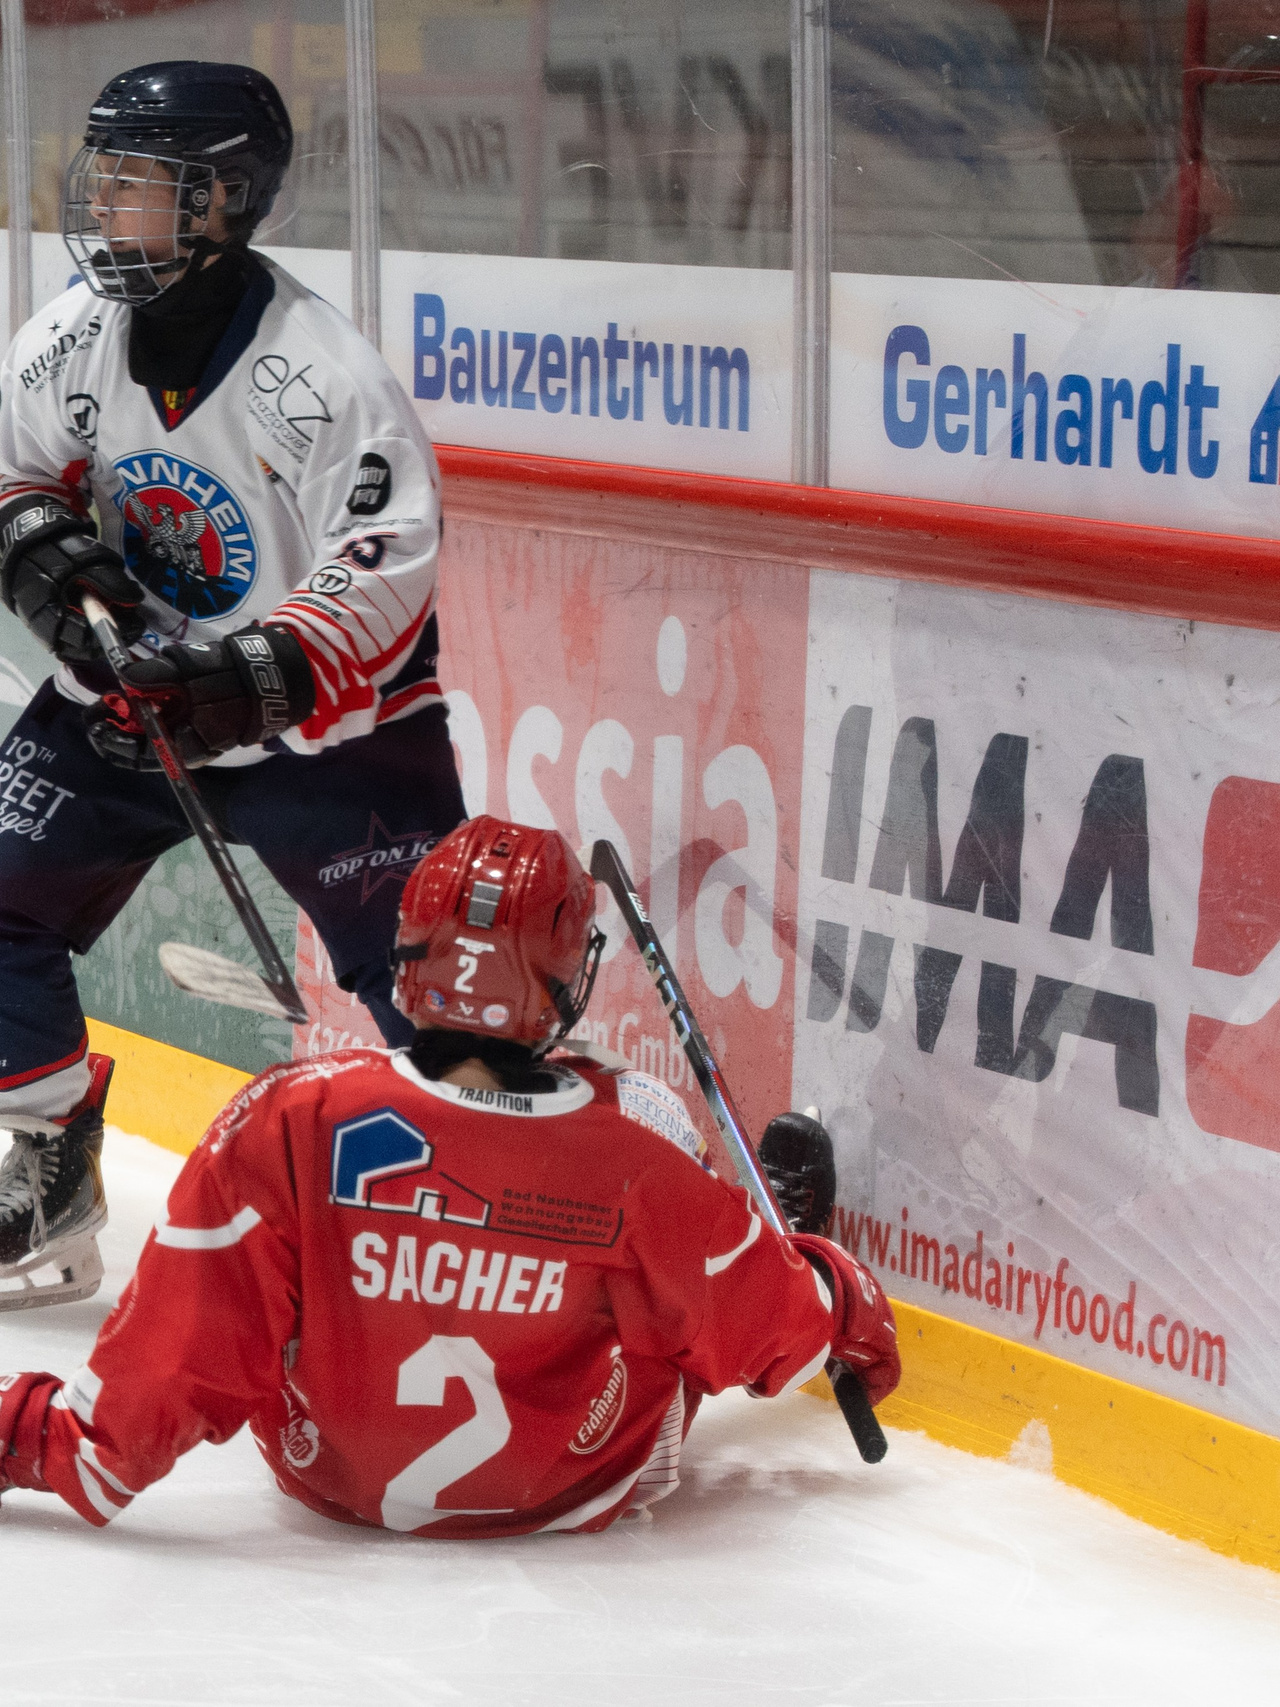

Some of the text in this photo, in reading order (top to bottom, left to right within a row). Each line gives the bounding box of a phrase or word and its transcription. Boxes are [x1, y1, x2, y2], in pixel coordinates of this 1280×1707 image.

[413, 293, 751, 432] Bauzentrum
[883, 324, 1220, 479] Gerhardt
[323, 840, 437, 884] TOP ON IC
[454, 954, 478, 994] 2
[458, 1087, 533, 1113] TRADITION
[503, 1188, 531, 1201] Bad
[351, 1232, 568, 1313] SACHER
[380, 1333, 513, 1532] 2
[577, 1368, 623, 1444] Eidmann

• **Work to be completed**
Return the listing above word for word. Keep the images out.

• **Solution for this problem**
Some of the text in this photo, in reading order (top to bottom, left to right within a row). Each line gives the bounding box of a phrase or word and its transcription. Boxes are [x1, y1, x2, y2], in pixel coordinates of this 1280×1707 image.

[413, 293, 751, 432] Bauzentrum
[883, 324, 1220, 479] Gerhardt
[323, 840, 437, 884] TOP ON IC
[454, 954, 478, 994] 2
[458, 1087, 533, 1113] TRADITION
[503, 1188, 531, 1201] Bad
[351, 1232, 568, 1313] SACHER
[380, 1333, 513, 1532] 2
[577, 1368, 623, 1444] Eidmann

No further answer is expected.